Рябой грузин так перепугался возможности военного заговора, что имена Якира или Тухачевского стали источниками повышенной напряженности, в которой сгорали все, кто приближался к ним хоть ненамного. А приближался чуть ли не весь командный состав армии. Если интересны мои соображения по поводу военного заговора, то скажу: да, верхушка военных, которые в напряженном труде осваивали современные методы ведения войны, была явно недовольна сталинскими подручными, тупоголовыми дилетантами Буденным и Ворошиловым и, судя по всему, договаривалась между собой об их смещении.
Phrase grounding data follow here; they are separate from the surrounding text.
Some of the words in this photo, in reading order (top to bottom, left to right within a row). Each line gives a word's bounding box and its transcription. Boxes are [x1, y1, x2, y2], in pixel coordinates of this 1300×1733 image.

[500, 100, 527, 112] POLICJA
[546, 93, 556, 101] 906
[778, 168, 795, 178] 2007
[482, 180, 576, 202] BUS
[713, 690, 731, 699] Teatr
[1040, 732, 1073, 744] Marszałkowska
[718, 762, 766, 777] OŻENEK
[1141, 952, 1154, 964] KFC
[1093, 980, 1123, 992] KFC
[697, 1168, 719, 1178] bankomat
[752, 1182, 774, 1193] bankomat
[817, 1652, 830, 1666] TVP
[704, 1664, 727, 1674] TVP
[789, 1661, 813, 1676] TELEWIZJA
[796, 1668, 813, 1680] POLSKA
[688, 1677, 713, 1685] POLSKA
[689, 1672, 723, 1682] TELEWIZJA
Да и как могло быть иначе: даже в бригаде каменщиков возникли бы противоречия между мастерами-профессионалами и нахрапистыми неумехами, способными лишь месить раствор. А свою военную квалификацию Семка и Климка подтвердили в 1941 году, когда под их чутким руководством миллионы наших солдат погибли, попали в плен, и были потеряны огромные территории. Так кто же выступал за Родину и советскую власть: рябой грузин со своими холуями или участники «военного заговора?» Но всякое покушение на свою аккордную бригаду Сталин расценивал как подрыв основ советской власти, в которую влез как глист корове в желудок.

Судя по жестокости репрессий, он испугался принципа домино: уберут Семку с Климкой, а там и до него очередь дойти может. Ведь тоже не великий был специалист. Держался лишь на том, что хорошо знал темные стороны человеческой души и мастерски их использовал. Так что никакой мистики в репрессиях нет. Весь ужас в том, что все до вульгарности просто. Ну и, конечно, сработал наш знаменитый принцип процентомании и выработки от достигнутого, что в цеху, где гонят в стружку металл, что при уничтожении командных кадров, он один и тот же.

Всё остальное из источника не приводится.